URLzoneのユーザー・インタフェースの一部。引き出し額の最小・最大値を設定可能

 URLzoneに感染したコンピュータは9月だけで約6,400台に上り、1日当たり1万2,000ユーロの被害が発生している。このまま被害が拡大すれば、損害額は1年間で730万ユーロに達するとみられている。

 Finjanによると、攻撃者は何らかの方法でユーザーを悪意あるサイトに誘いこみ、さまざまなPCソフトウェアの欠陥を利用してURLzoneをインストールさせるという。同社がC&C(コマンド・アンド・コントロール)サーバにアクセス可能になったときには、攻撃を受けた9万台のコンピュータのうち約7.5%がURLzoneに感染していた。

 有名なトロイの木馬である「Zeus」や「Clampi」の場合、オンライン・バンキングのクレデンシャルを盗むことで、1日に何百万ドルもの金を引き出したこともある。盗んだ金は、疑われることのない「運び屋」に渡され、彼らが海外に送金する。
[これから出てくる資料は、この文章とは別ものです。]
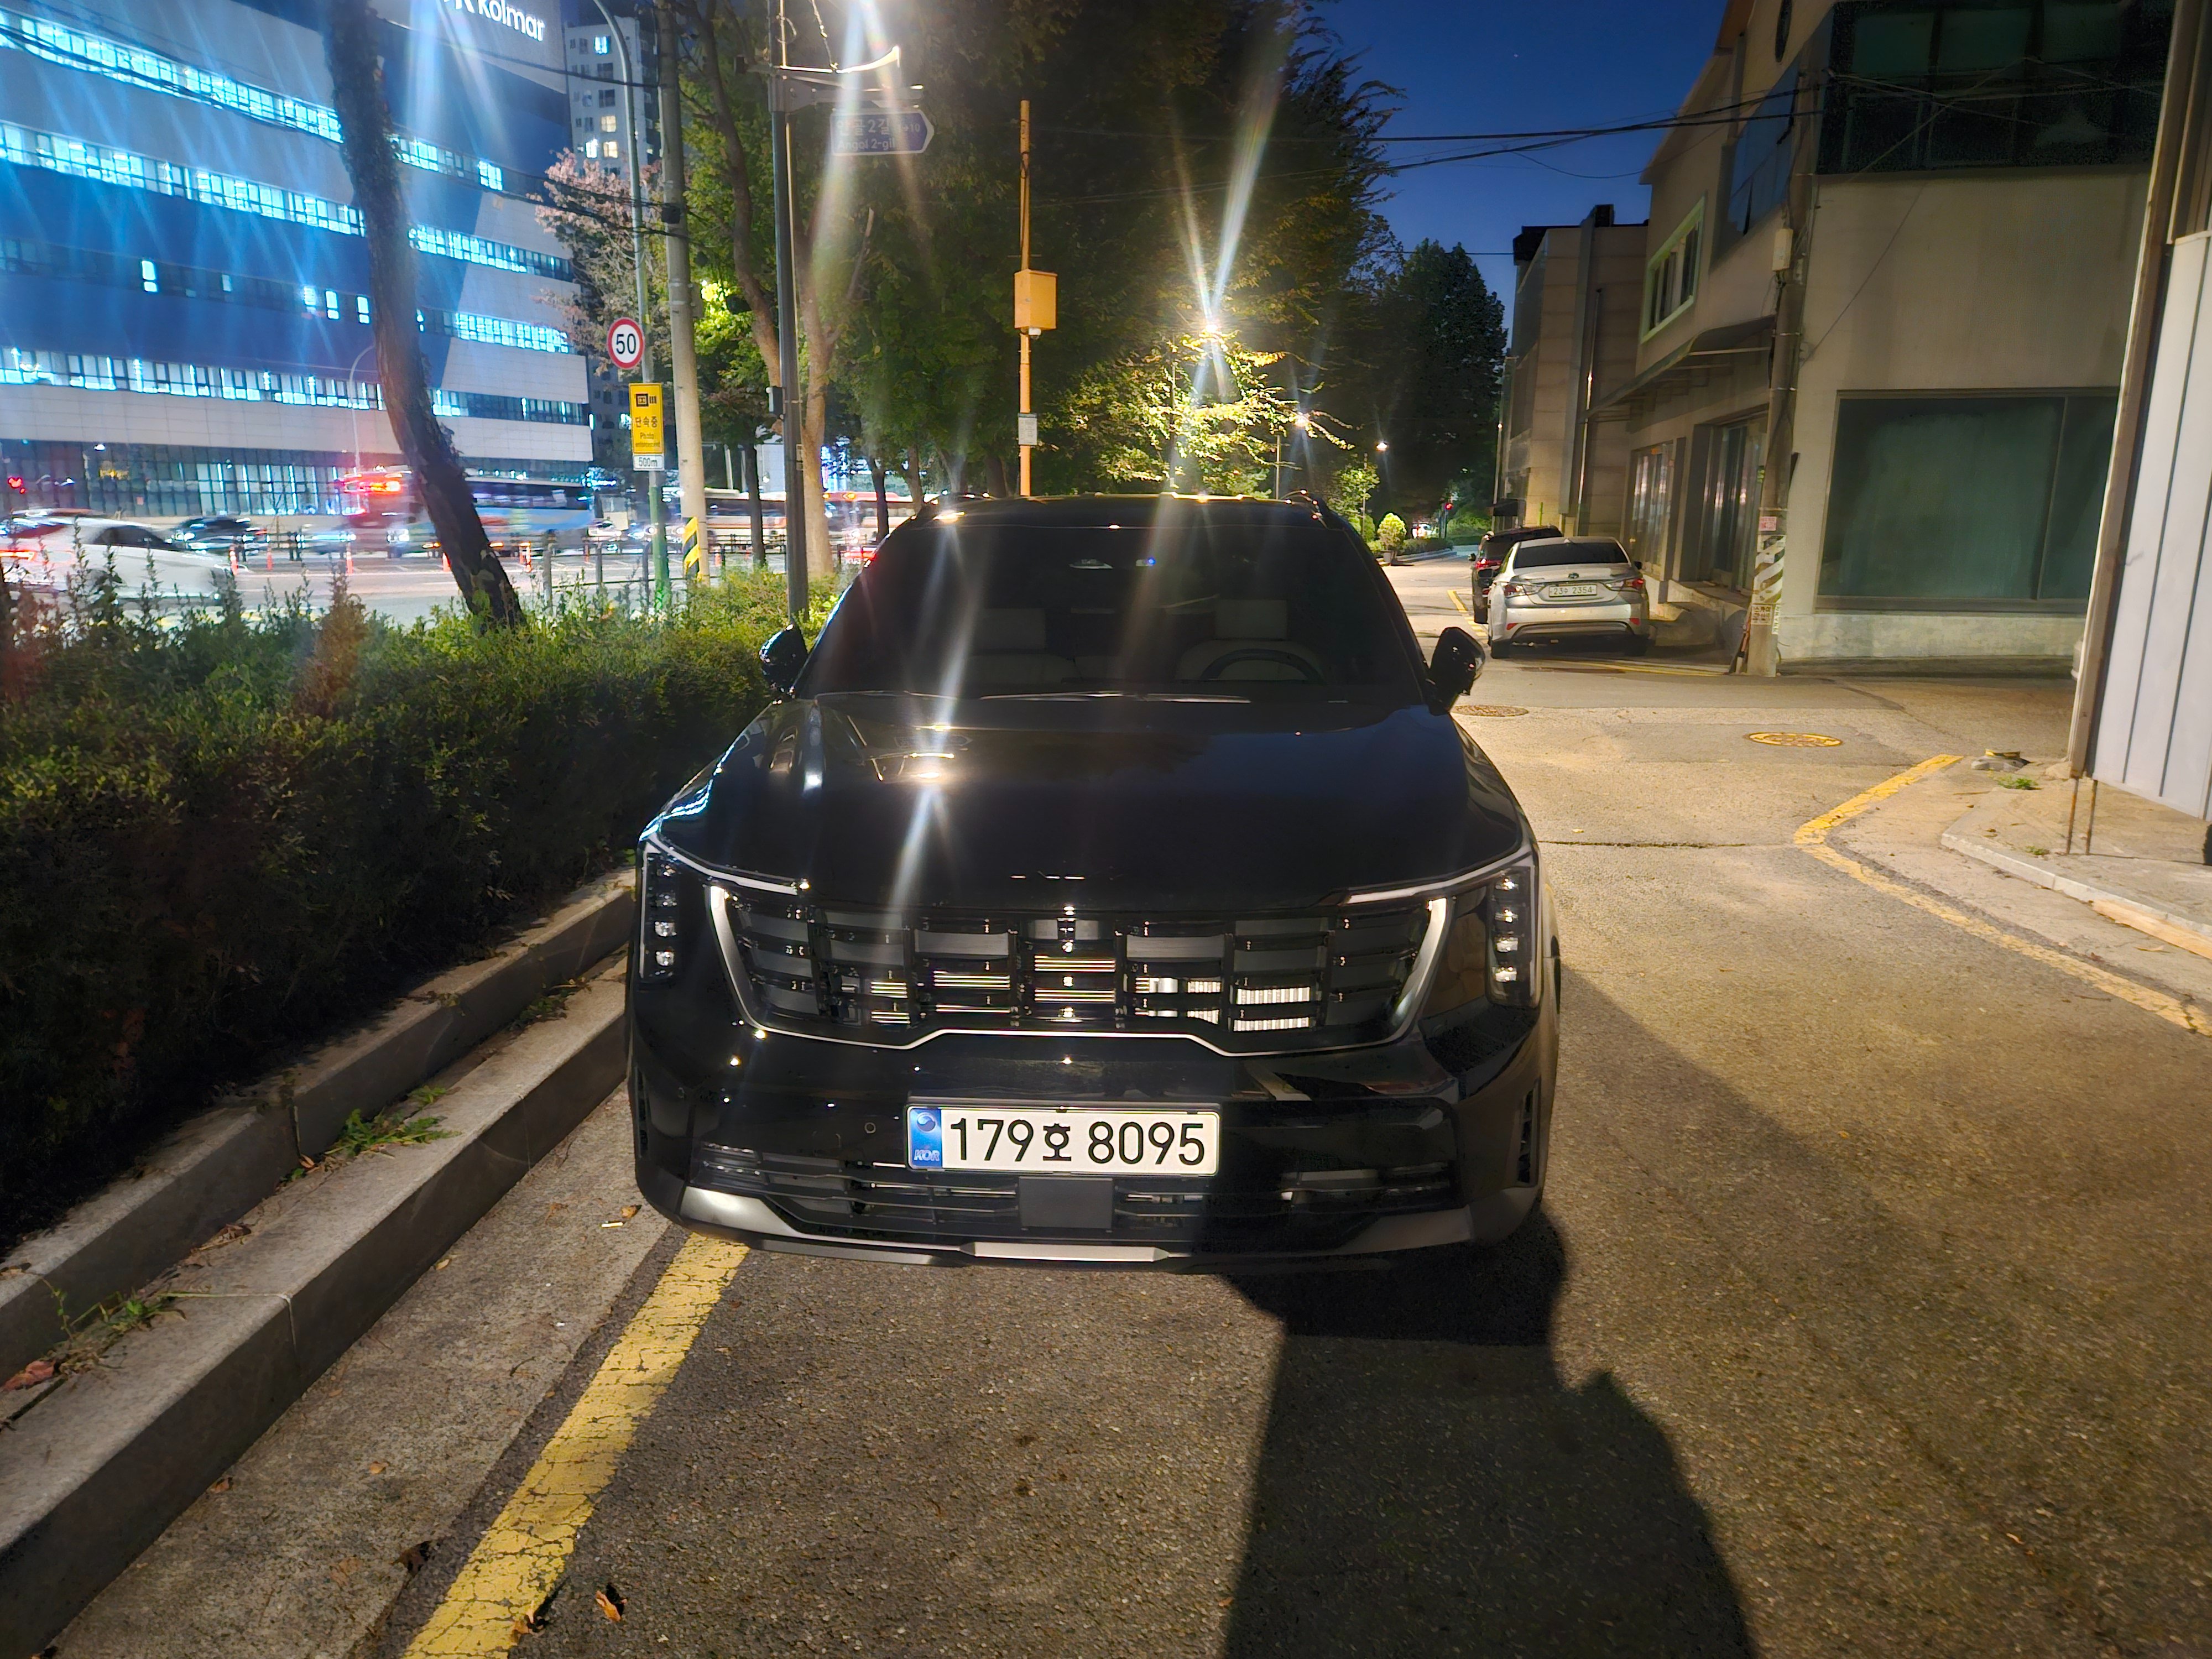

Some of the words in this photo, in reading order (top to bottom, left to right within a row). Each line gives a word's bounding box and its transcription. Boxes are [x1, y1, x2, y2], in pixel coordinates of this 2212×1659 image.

[837, 139, 868, 152] Angol
[870, 137, 895, 151] 2-gil
[615, 333, 637, 354] 50
[635, 416, 658, 427] 단속중
[639, 457, 658, 467] 500m
[950, 1117, 1072, 1162] 179호
[1088, 1121, 1205, 1166] 8095
[914, 1149, 940, 1162] KOR
 「運び屋」はMonster.comのような求人サイトで募集されており、応募者は海外企業のための合法的な支払い処理をしているだけで、犯罪組織に加担していることに気づいていないことが多い。盗まれた金を海外に送金してしまうと、送金した人が損害の責任を負わなければならない可能性がある。

 ベンツハク氏がURLzoneを「次世代のバンク・トロイ」と称するのは、ZeusやClampiよりも高度な機能を備えていることが理由だ。

 URLzoneのユーザー・インタフェースは、詐欺検知システムを回避するための設定を犯罪者側で行えるようになっている。また、中央サーバを経由すれば、口座の残高が決してゼロを下回ることがないようにシステムを設定することも可能だ。

 疑われるリスクが比較的小さい少額の現金引き出しを何度も行うようにシステムを事前設定しておくこともできる。被害者のオンライン・バンキングのページを改竄し、正しい入出金履歴が表示されないようにすることも容易とされている。